The dryly precocious, soon-to-be-fifteen-year-old hero of this engagingly offbeat debut novel, Oliver Tate lives in the seaside town of Swansea, Wales. At once a self-styled social scientist, a spy in the baffling adult world surrounding him, and a budding, hormone-driven emotional explorer, Oliver is stealthily (and perhaps a bit more nervously than he’d ever admit) nosing his way forward through the murky and uniquely perilous waters of adolescence. His objectives? Uncovering the secrets behind his parents’ teetering marriage, unraveling the mystery that is his alluring and equally quirky classmate Jordana Bevan, and understanding where he fits in among the pansexuals, Zoroastrians, and other mystifying, fascinating beings in his orbit.

“It’s in my interests to know about my parents’ mental problems,” he reasons. Thus, when he discovers that his affable dad is quietly struggling with depression, Oliver marshals all the daytime-TV pop-psychology wisdom at his command–not to mention his formidable, uninhibited powers of imagination–in order to put things right again. But a covert expedition into the mysterious territory of middle-aged malaise is bound to be tricky business for a teenager with more to learn about the agonies and ecstasies of life than a pocket thesaurus and his “worldly” school chum Chips can teach him.

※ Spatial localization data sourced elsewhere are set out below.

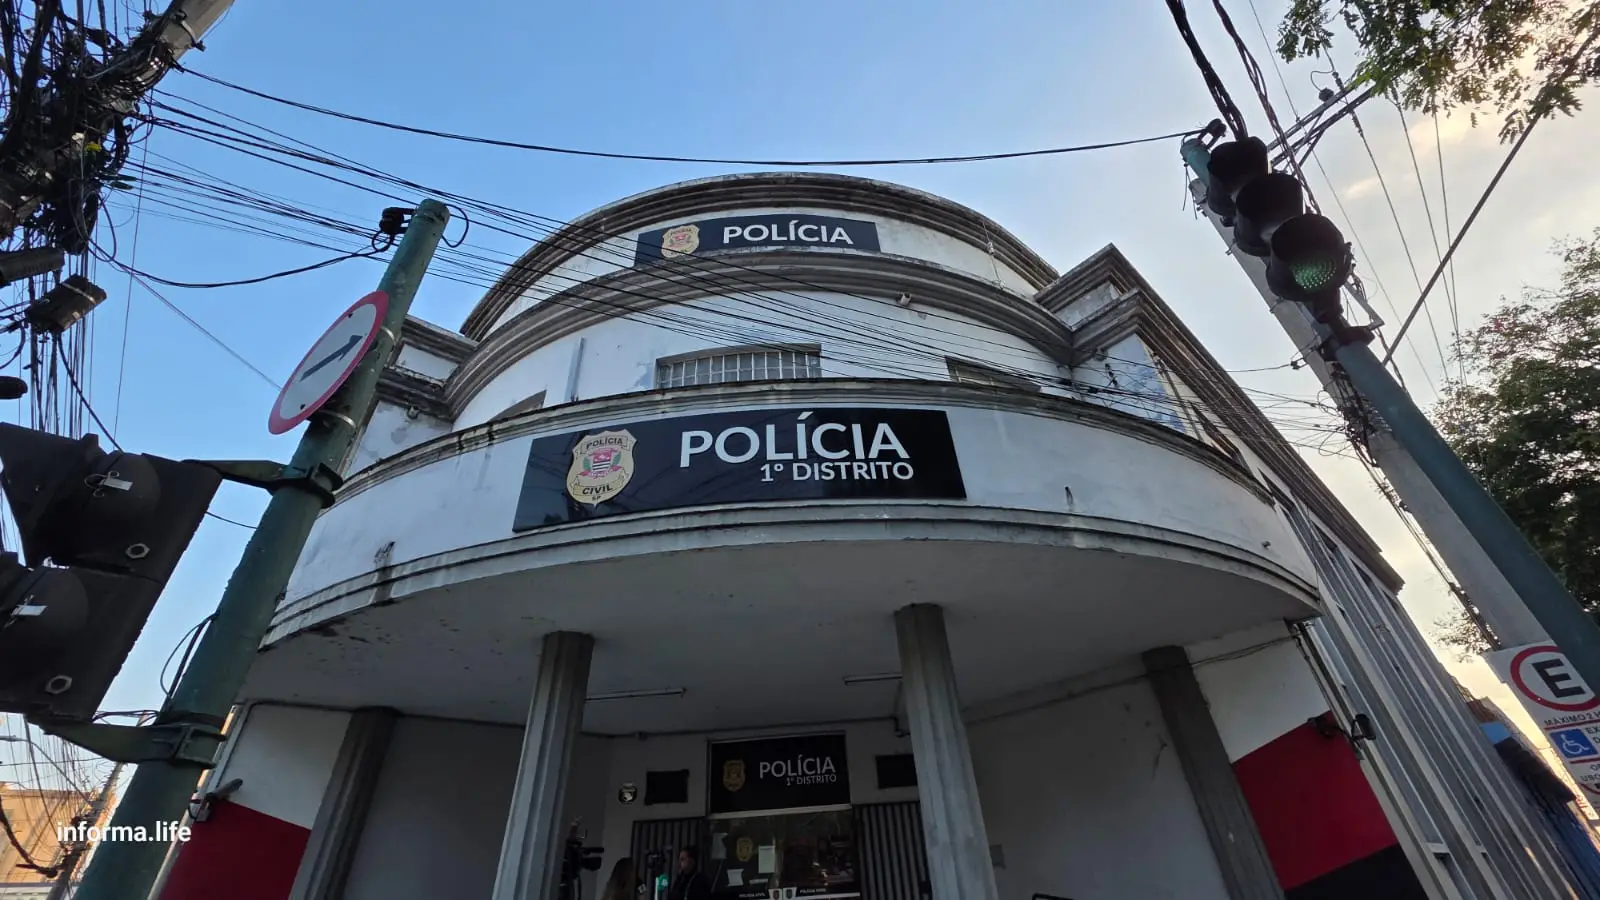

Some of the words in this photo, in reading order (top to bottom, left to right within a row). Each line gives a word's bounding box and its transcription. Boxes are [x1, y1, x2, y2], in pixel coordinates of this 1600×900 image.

[723, 220, 854, 244] POLÍCIA
[586, 437, 623, 450] POLÍCIA
[680, 411, 910, 468] POLÍCIA
[792, 462, 914, 482] DISTRITO
[582, 484, 612, 495] CIVIL
[1532, 658, 1586, 698] E
[759, 754, 836, 779] POLÍCIA
[797, 774, 837, 784] DISTRITO
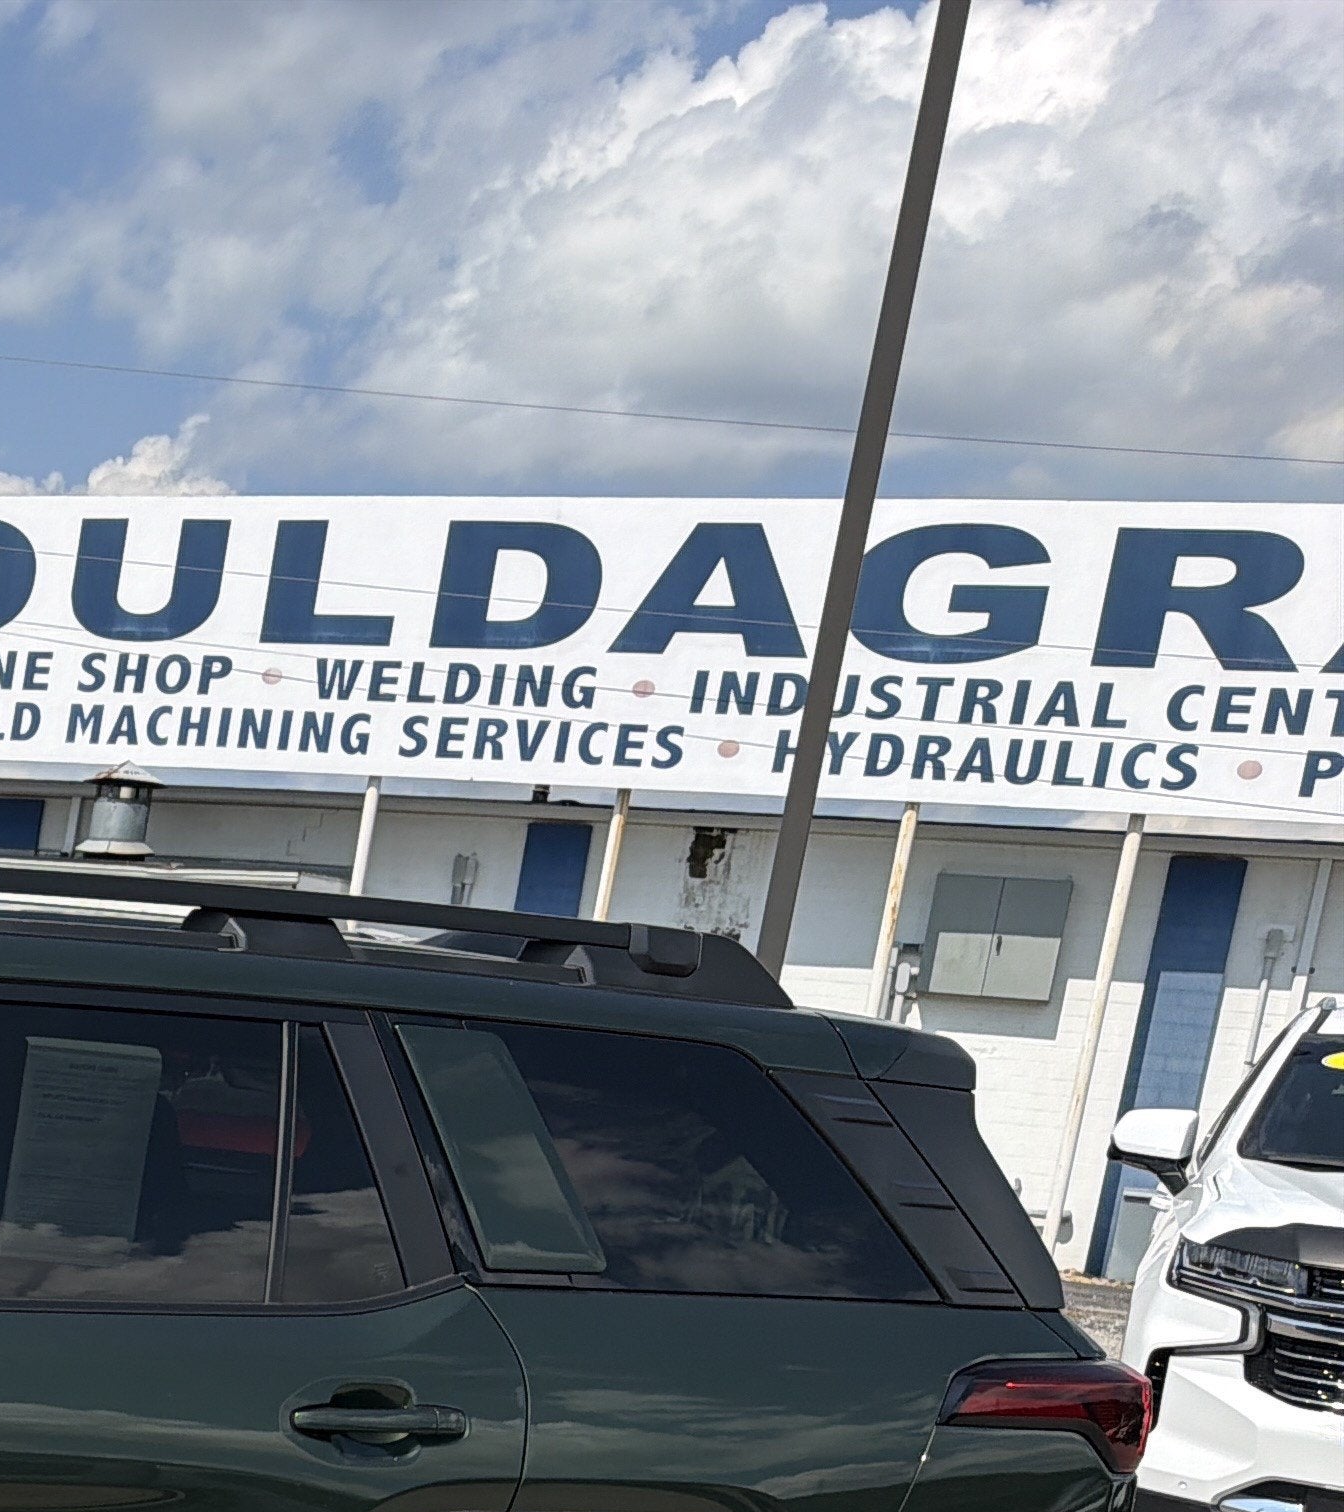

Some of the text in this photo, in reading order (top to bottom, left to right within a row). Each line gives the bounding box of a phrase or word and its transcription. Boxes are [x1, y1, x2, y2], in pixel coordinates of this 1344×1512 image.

[76, 651, 234, 696] SHOP
[315, 657, 599, 710] WELDING
[64, 703, 372, 756] MACHINING
[397, 714, 686, 770] SERVICES
[770, 728, 1200, 792] HYDRAULICS

Ready or not, however, Oliver is about to get a crash course. His awkwardly torrid and tender relationship with Jordana is hurtling at the speed of teenage passion toward the inevitable magic moment . . . and whatever lies beyond. And his boy-detective exploits have set him on a collision course with the New Age old flame who’s resurfaced in his mother’s life to lead her into temptation with lessons in surfing, self-defense . . . and maybe seduction. Struggling to buoy his parents’ wedded bliss, deep-six his own virginity, and sound the depths of heartache, happiness, and the business of being human, what’s a lad to do? Poised precariously on the cusp of innocence and experience, yesterday’s daydreams and tomorrow’s decisions, Oliver Tate aims to damn the torpedoes and take the plunge.